Insights into the interaction of potent antimicrobial chalcone triazole analogs with human serum albumin: spectroscopy and molecular docking approaches

Mechanistic insights into the interaction of five previously chemically synthesized triazole-linked chalcone analogs (CTs) with human serum albumin (HSA) were sought using various spectroscopic techniques (UV-visible absorption, fluorescence, and circular dichroism) and molecular docking. The fluorescence quenching experiments performed at three different temperatures (288, 298 and 308 K) revealed the static mode of quenching and the binding constants (K_b ∼ 10^6–9) obtained indicated the strong affinity of these analogs for HSA. Furthermore, significant changes in the secondary structure of HSA in the presence of these analogs were also confirmed by far UV-CD spectroscopy. The thermodynamic properties such as the enthalpy change (ΔH°), Gibbs free energy change (ΔG°) and entropy change (ΔS°) revealed that the binding process was spontaneous and exothermic. Theoretical studies, viz., DFT and molecular docking corroborated the experimental results as these five analogs could bind with HSA through hydrogen bonding and hydrophobic interactions.

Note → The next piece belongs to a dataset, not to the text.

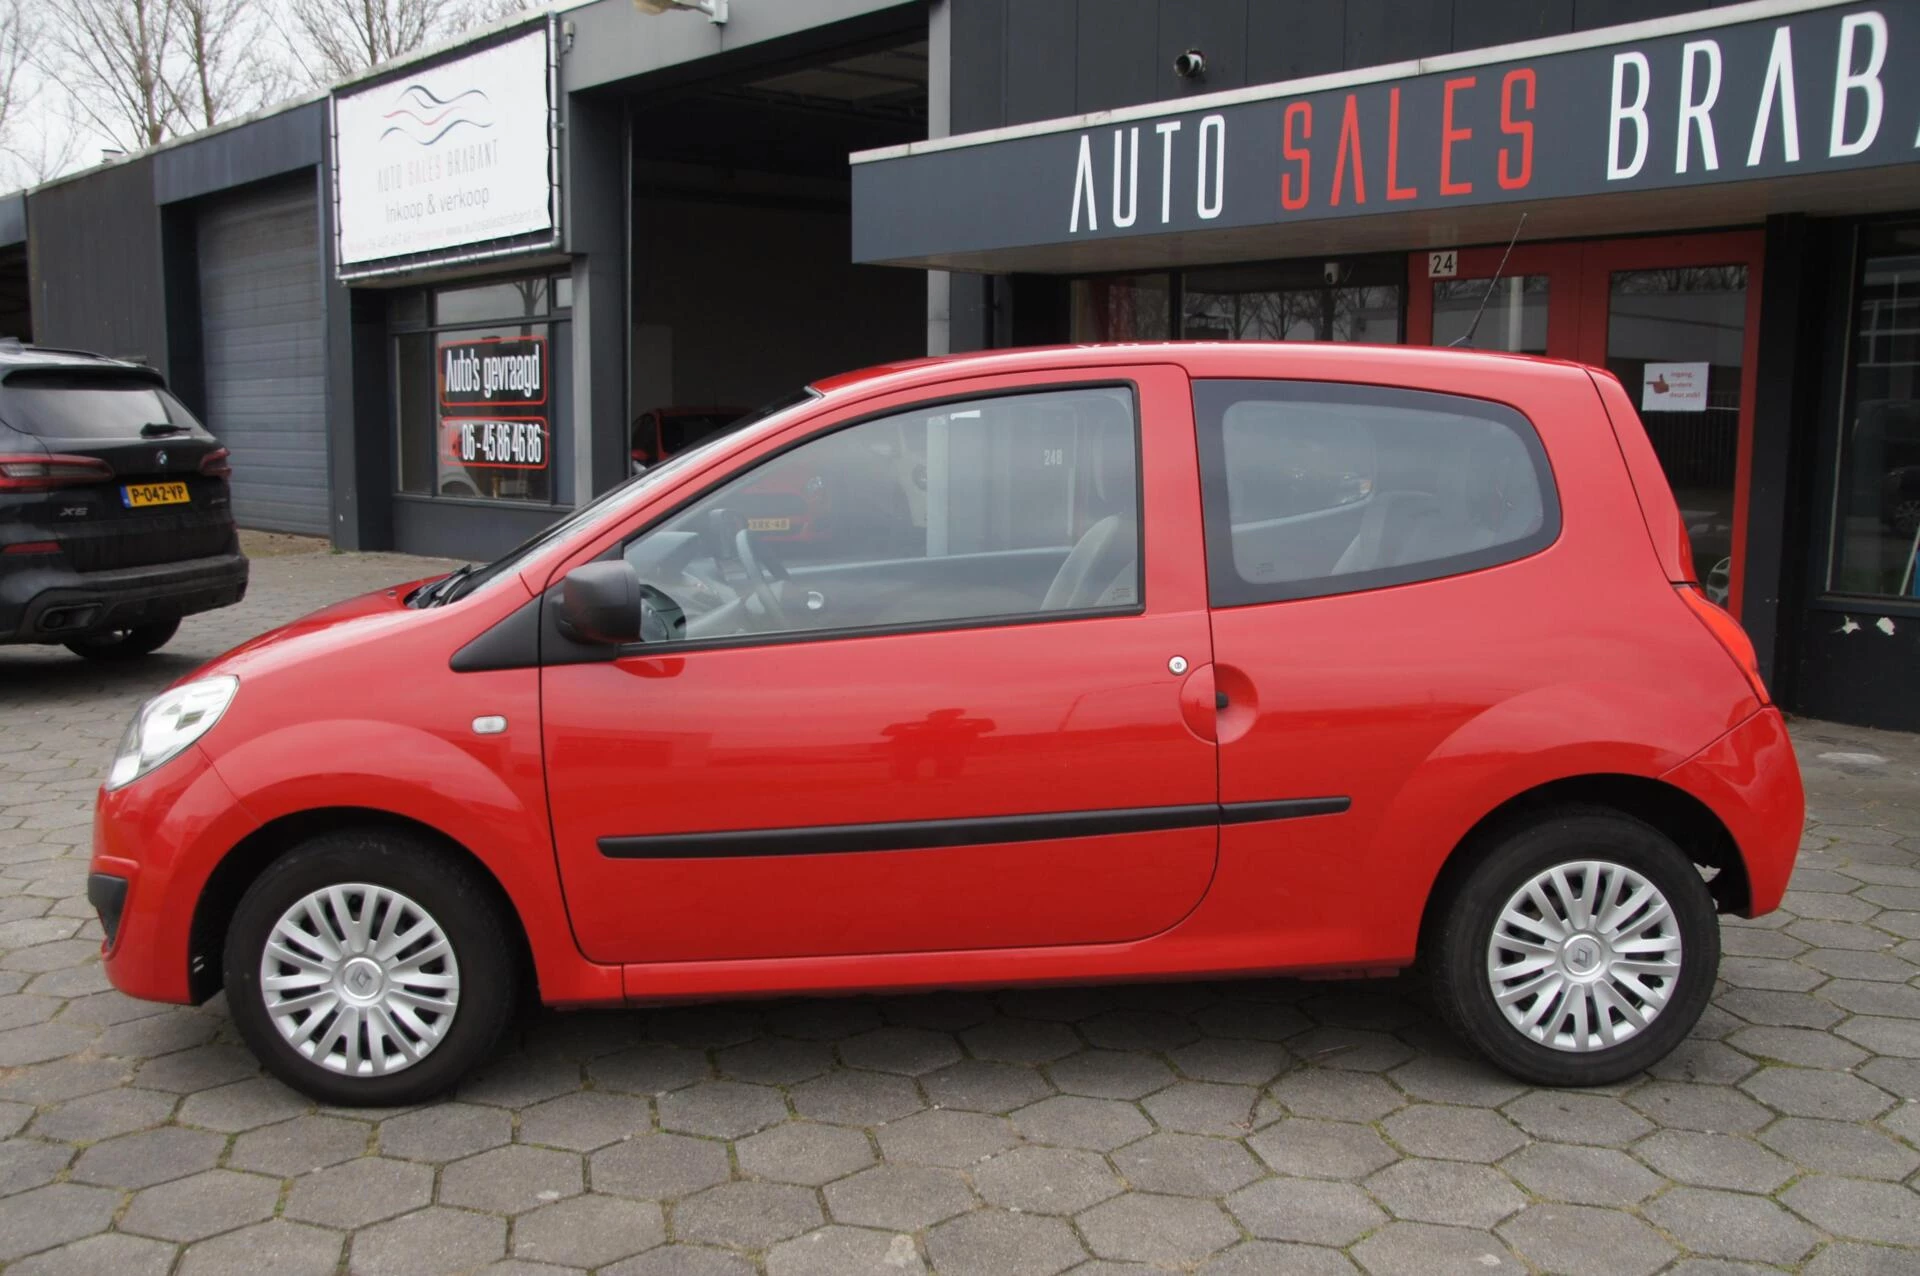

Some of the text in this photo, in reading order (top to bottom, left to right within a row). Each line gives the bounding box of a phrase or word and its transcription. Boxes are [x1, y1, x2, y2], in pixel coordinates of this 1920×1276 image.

The present study provides useful information regarding the interaction mechanism of these analogs with HSA, which can provide a new avenue to design more potent chalcone triazole analogs for use in the biomedical field.

Mechanistic insights into the interaction of five previously chemically synthesized triazole-linked chalcone analogs with human serum albumin were analyzed using UV-visible absorption, fluorescence quenching, circular dichroism and molecular docking studies.